Task statement
Word for word, reproduce all entries below, leaving every picture out.

[Saved data entries]
- Opening Delimiter -

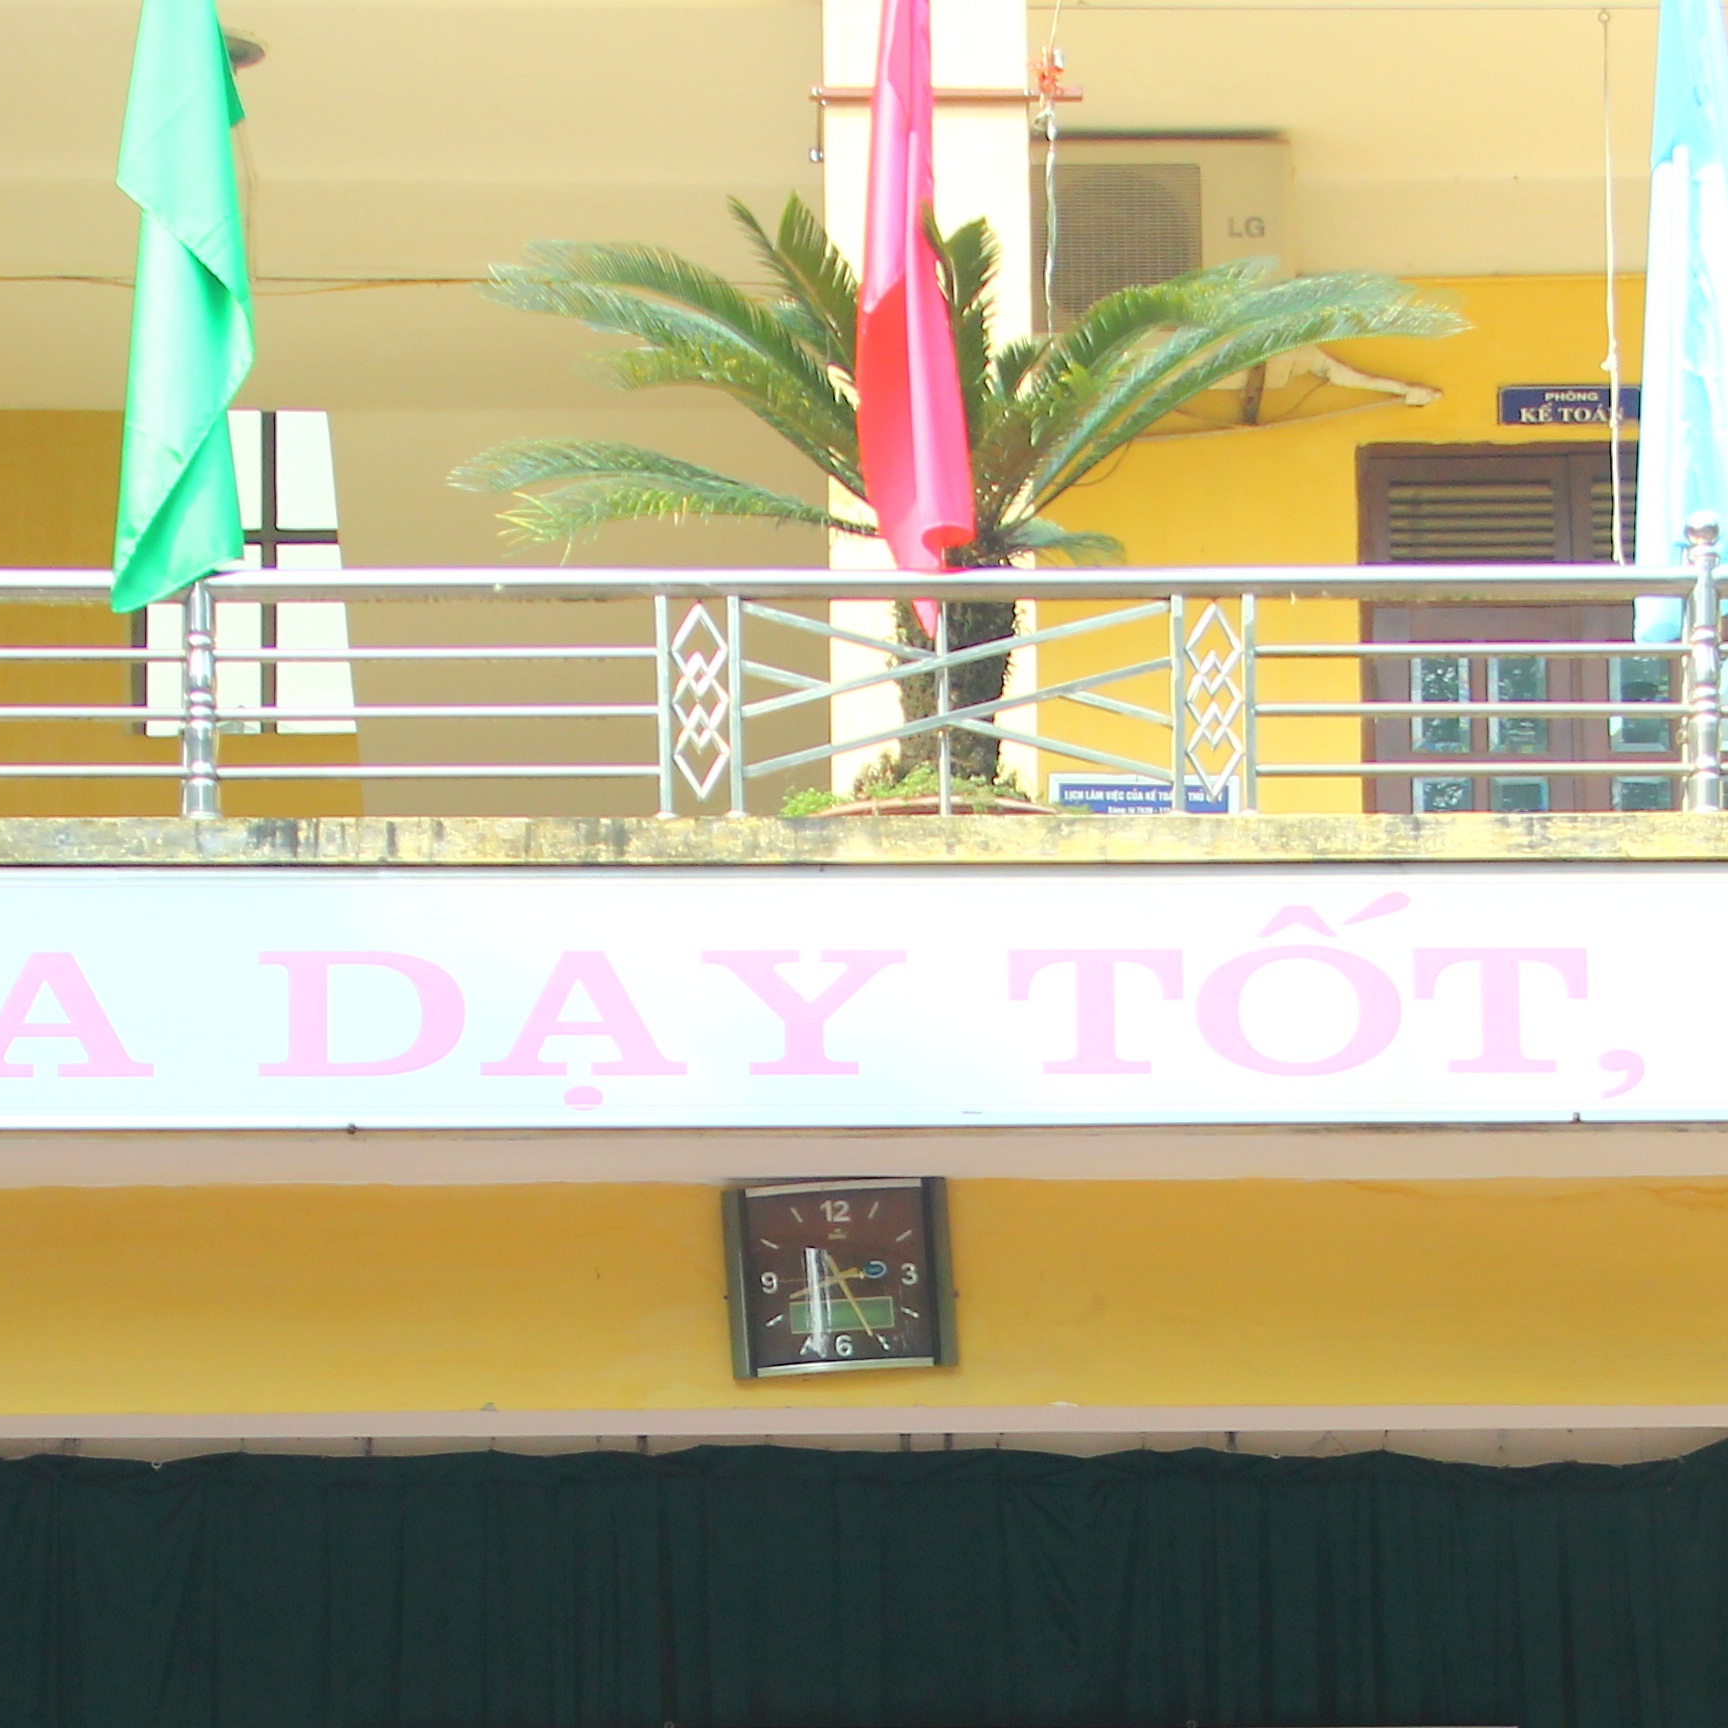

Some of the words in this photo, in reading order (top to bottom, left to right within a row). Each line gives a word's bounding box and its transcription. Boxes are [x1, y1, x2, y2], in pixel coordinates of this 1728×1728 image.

[1227, 216, 1265, 238] LG
[1544, 390, 1599, 402] PHÒNG
[1520, 402, 1553, 423] KẾ
[258, 948, 908, 1112] DẠY
[1007, 890, 1646, 1100] TỐT,
[819, 1200, 851, 1222] 12
[760, 1271, 779, 1295] 9
[900, 1262, 919, 1286] 3
[834, 1334, 854, 1357] 6
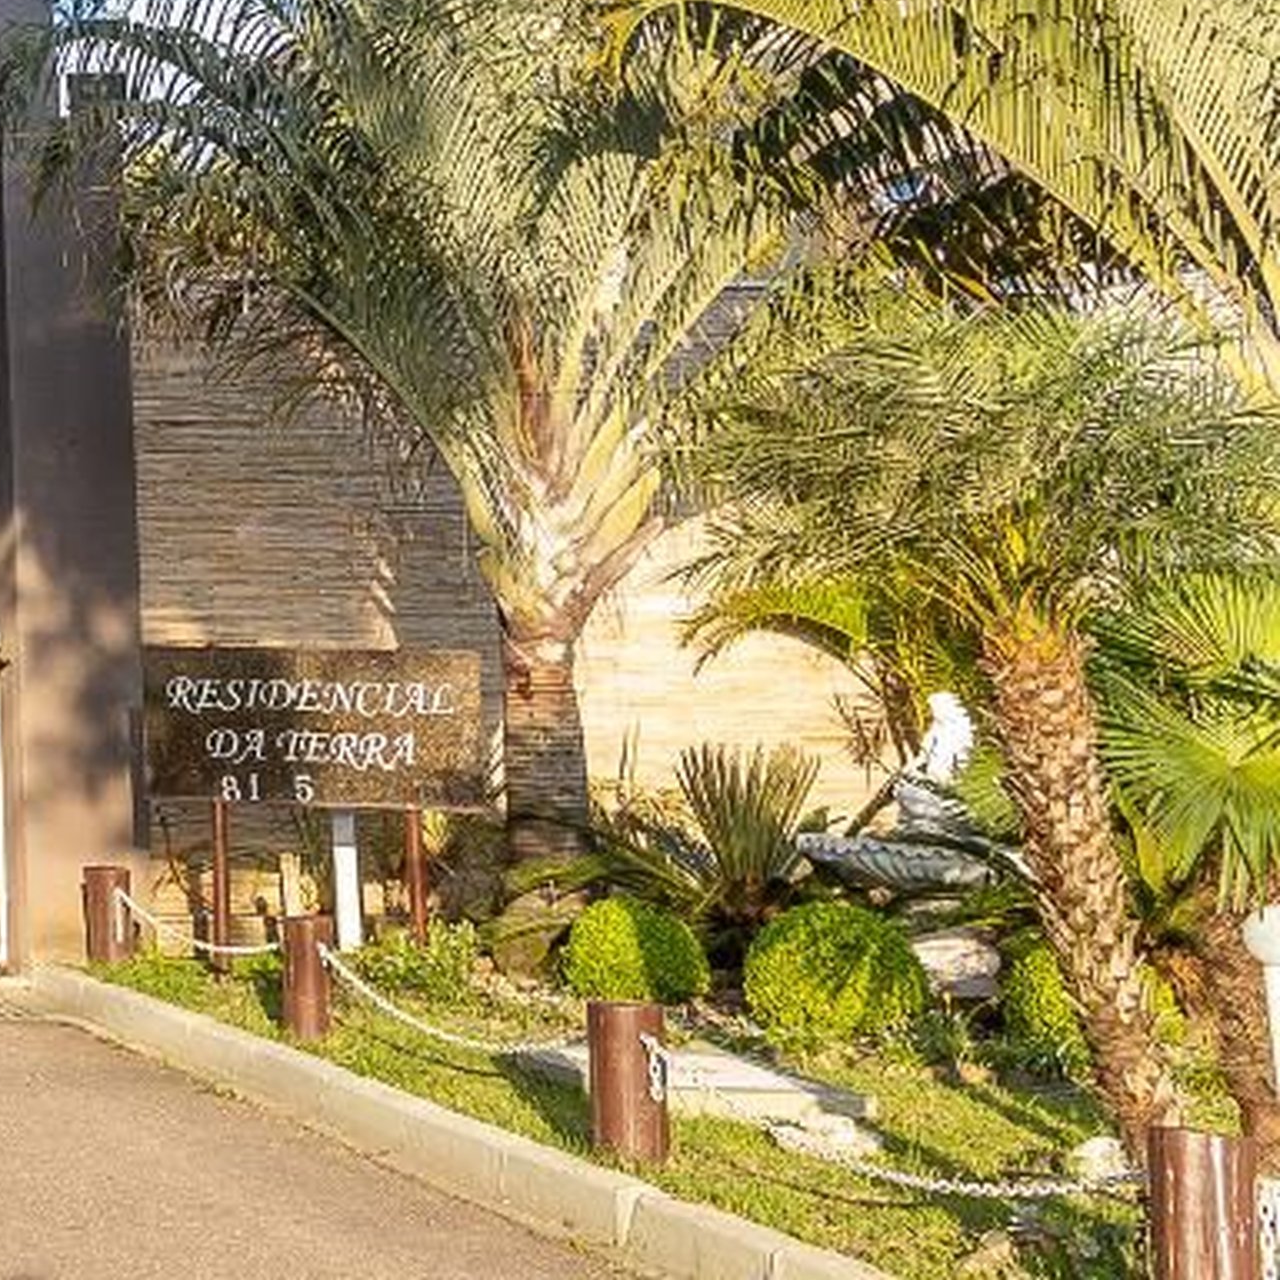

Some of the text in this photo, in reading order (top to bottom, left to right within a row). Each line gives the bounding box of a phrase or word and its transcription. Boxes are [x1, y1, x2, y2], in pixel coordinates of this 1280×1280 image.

- Closing Delimiter -

Solved problem
Some of the words in this photo, in reading order (top to bottom, left to right within a row). Each line gives a word's bounding box and its transcription. Boxes are [x1, y1, x2, y2], in pixel coordinates of this 1728×1728 image.

[1227, 216, 1265, 238] LG
[1544, 390, 1599, 402] PHÒNG
[1520, 402, 1553, 423] KẾ
[258, 948, 908, 1112] DẠY
[1007, 890, 1646, 1100] TỐT,
[819, 1200, 851, 1222] 12
[760, 1271, 779, 1295] 9
[900, 1262, 919, 1286] 3
[834, 1334, 854, 1357] 6

Some of the text in this photo, in reading order (top to bottom, left to right within a row). Each line gives the bounding box of a phrase or word and its transcription. Boxes are [x1, y1, x2, y2], in pixel coordinates of this 1280×1280 image.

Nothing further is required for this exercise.